Voy por un sendero mal asfaltado que viborea entre arbustos de té, los compañeros más fieles de mi travesía. Y zás, me aborda otro "enviado". Se llama Hari. Enjuto, usa pantalones de traje arremangados, chanclas Nike, remera agujereada y topi, el bonete nepalés por excelencia. Insiste en enseñarme un atajo. Ahí vamos pues, en cómico tándem. Frente a un acantilado y señalando la montaña del otro lado del valle, escucho su voz: "Nepal, sir". Allá abajo, un hilo de agua –el río Mechi– divide a los dos países.
Llegamos a la fábrica, de chapa y madera, y él entra como pancho por su casa. Me muestra cada recoveco, cada máquina. Me percato de que quiere unas rupias. Se las doy y se pone intenso. Empieza a desvariar, a girar en redondo, a hablar en hindi. Caigo en la cuenta de que está borracho. El gerente de Okayti, al que jura conocer, salió a almorzar y no da señales. Tratando de perderlo, deambulo por el caserío y aparece Thapa, un veinteañero que trabaja de telemarketer en Escocia y está de vacaciones visitando a su familia.

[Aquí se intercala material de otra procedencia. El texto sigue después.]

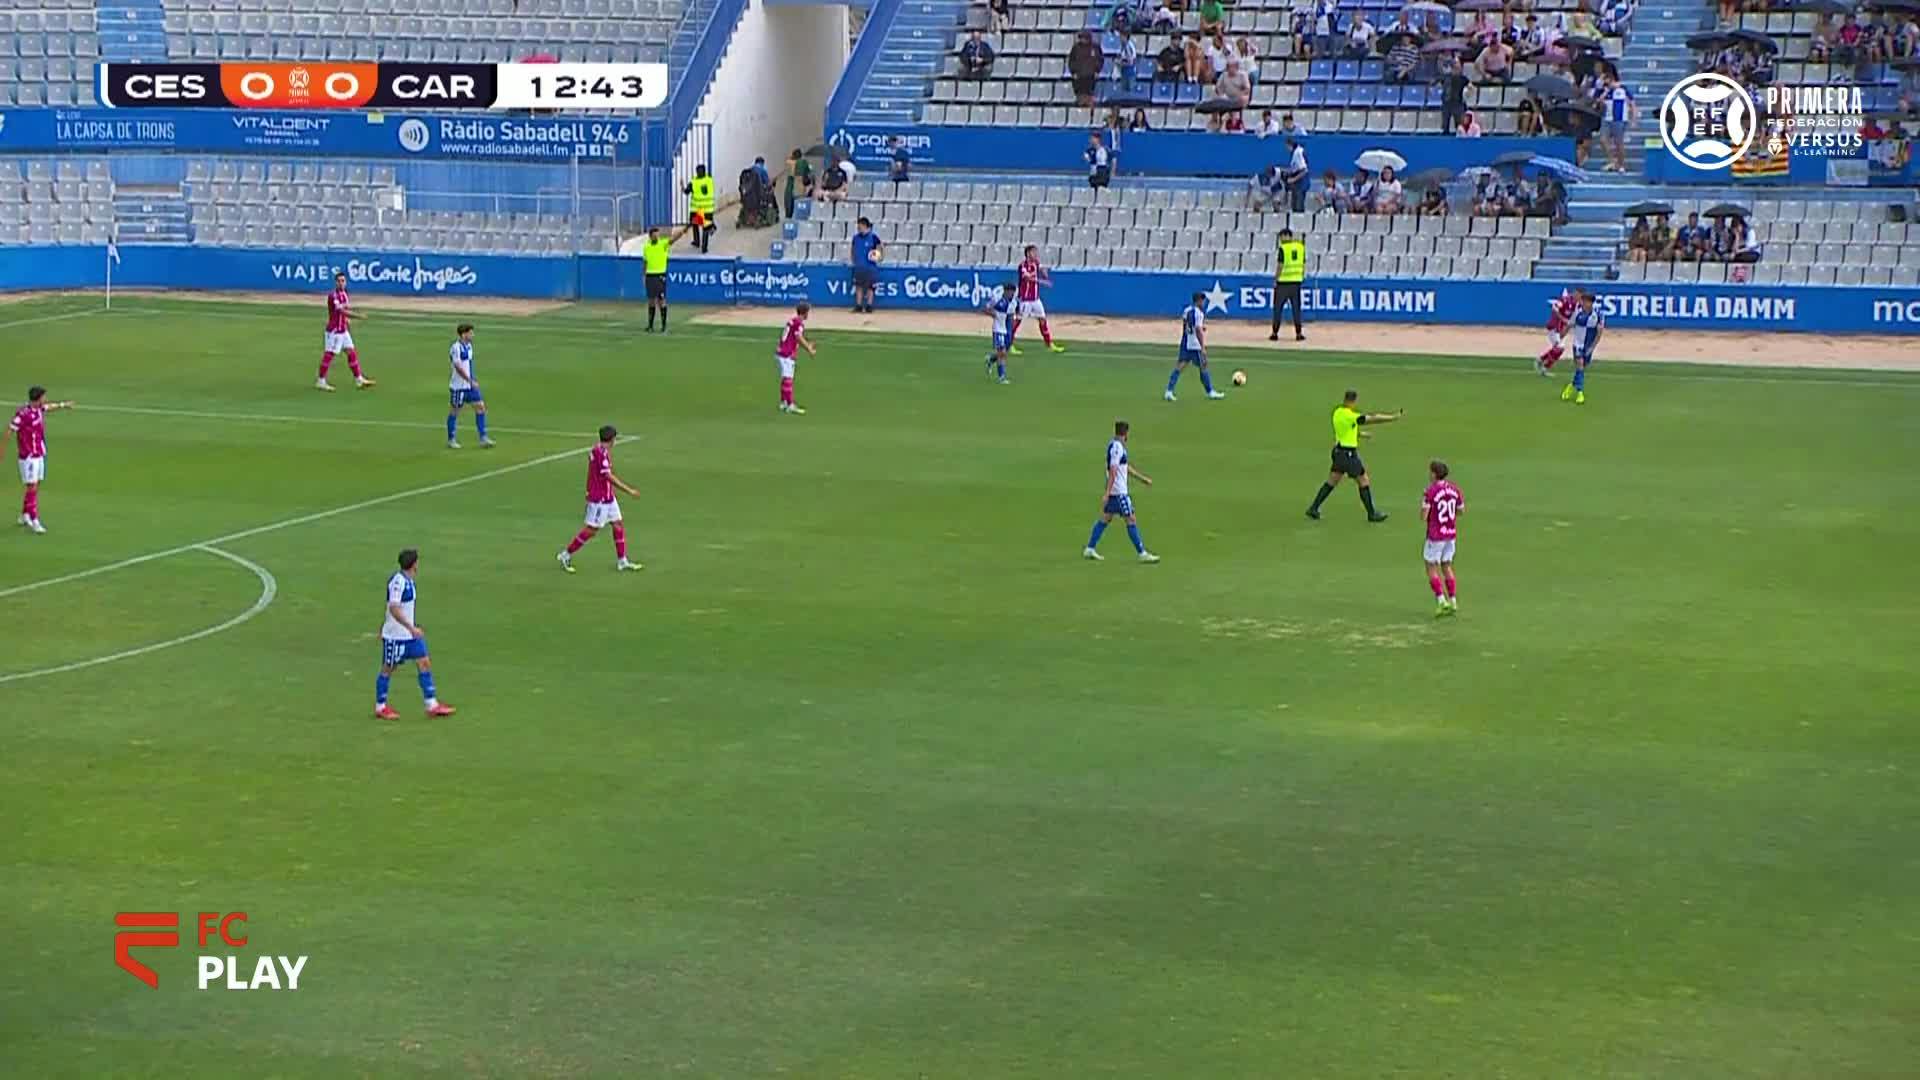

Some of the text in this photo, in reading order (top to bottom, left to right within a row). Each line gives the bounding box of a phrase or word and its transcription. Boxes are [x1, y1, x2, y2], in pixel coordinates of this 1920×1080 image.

[56, 121, 175, 140] LA CAPSA DE TRONS
[231, 115, 331, 131] VITALDENT
[500, 121, 586, 142] Sabadell
[591, 123, 629, 144] 94.6
[440, 141, 569, 157] www.radiosabadell.fm
[367, 260, 412, 283] Corte
[668, 271, 716, 286] VIAJES
[827, 279, 898, 297] VIES
[925, 276, 971, 299] Corte
[1240, 286, 1436, 313] ESTELLA DAMM
[1714, 297, 1796, 321] DAMM
[1437, 499, 1457, 523] 20
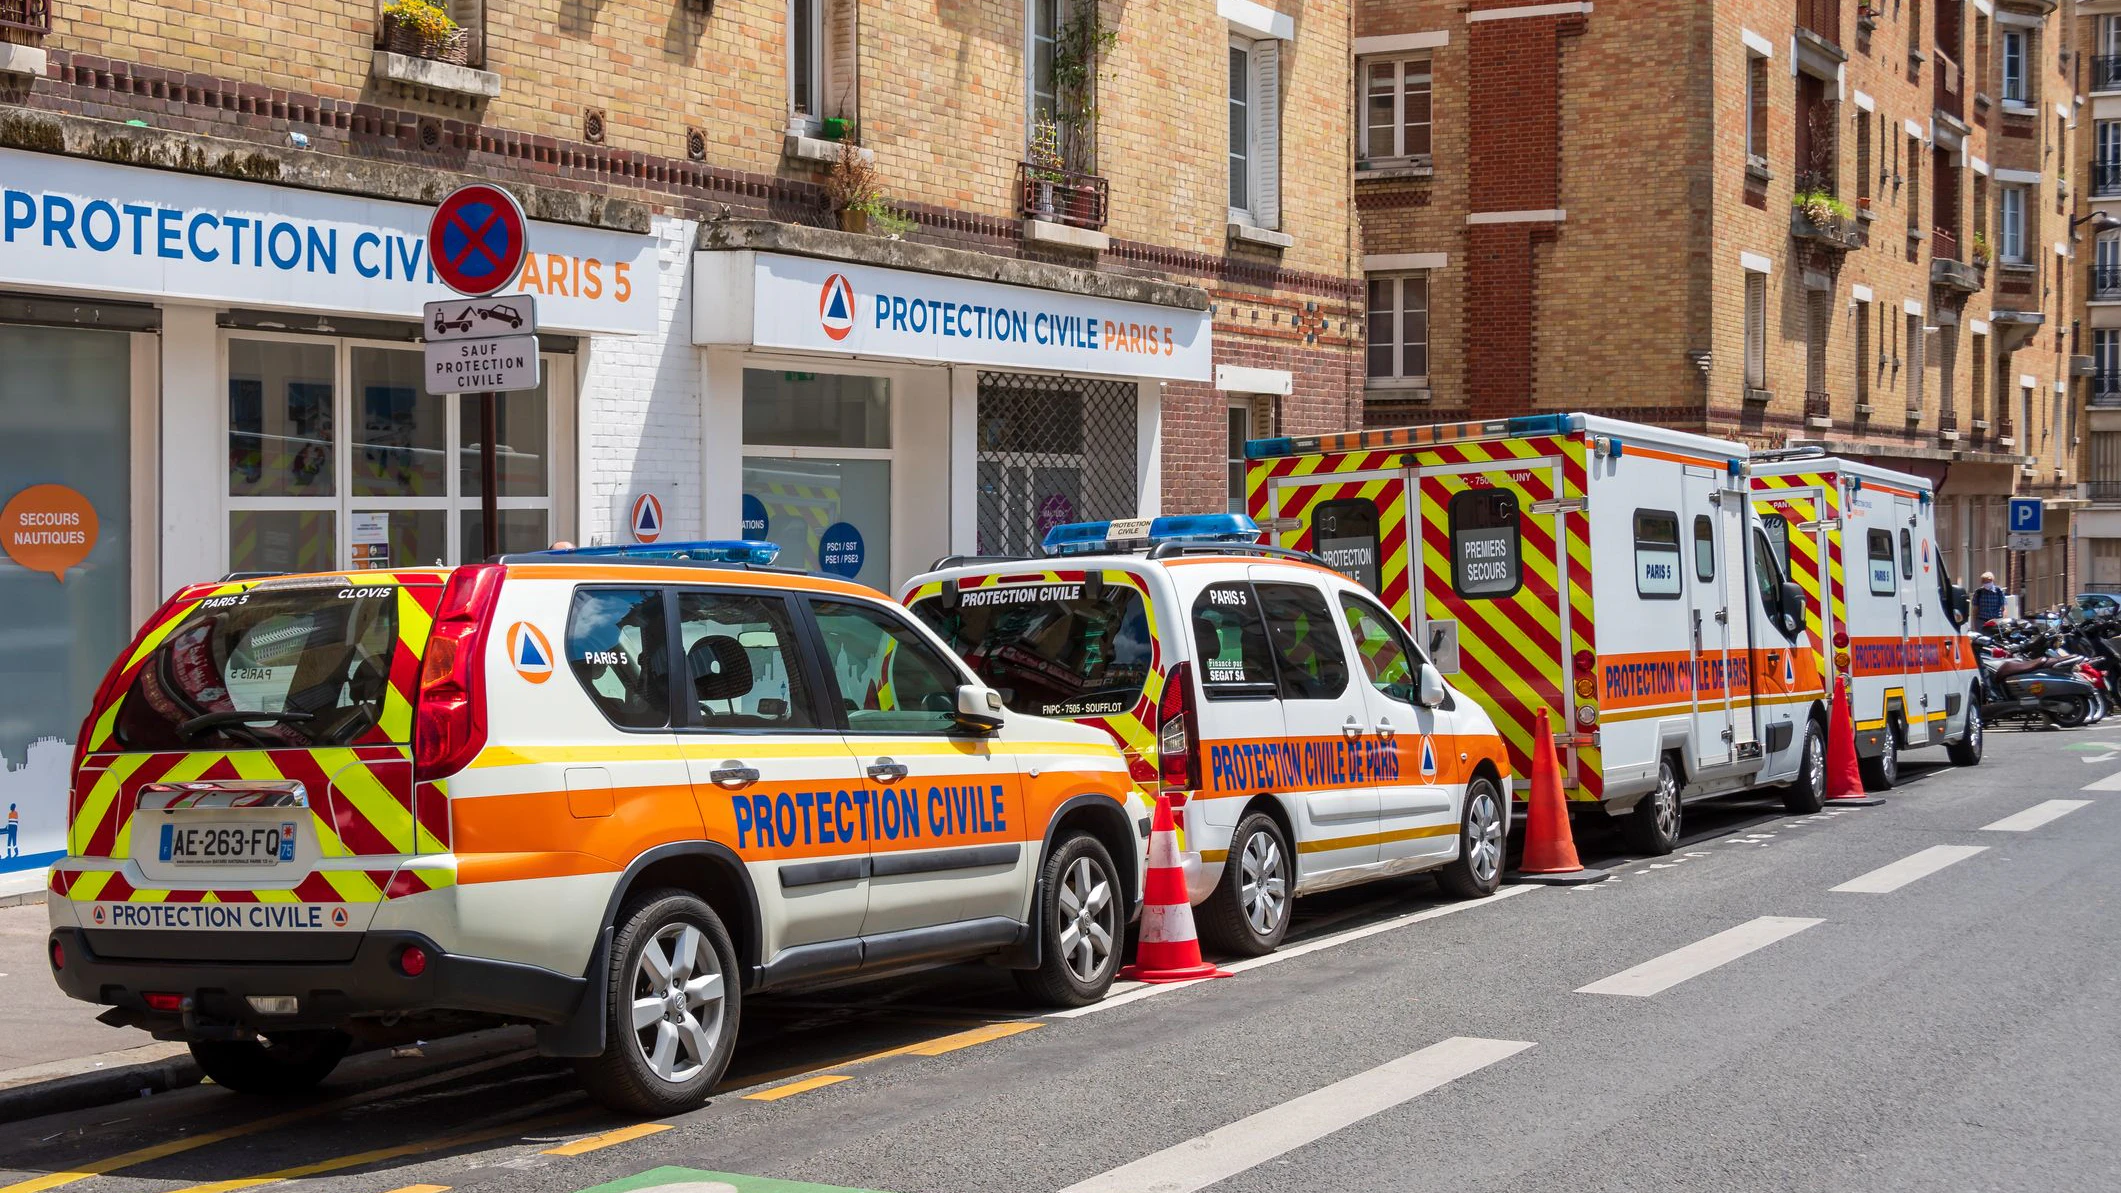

Cruzamos a Nepal por un puente de bambú. Hace calor y no hay puestos fronterizos ni policías. Que mi espalda esté en India y mi nariz en Nepal demuele cualquier noción de frontera, que en el fondo es una construcción mental, una necesidad de patriotismos y libros de geografía, pero no de los pobladores. Veo bolsas de té nepalés recién cosechado cruzando el Mechi en lomos bengalíes; espectadores mansos, cuervos y perros no saben de pasaportes ni aduanas.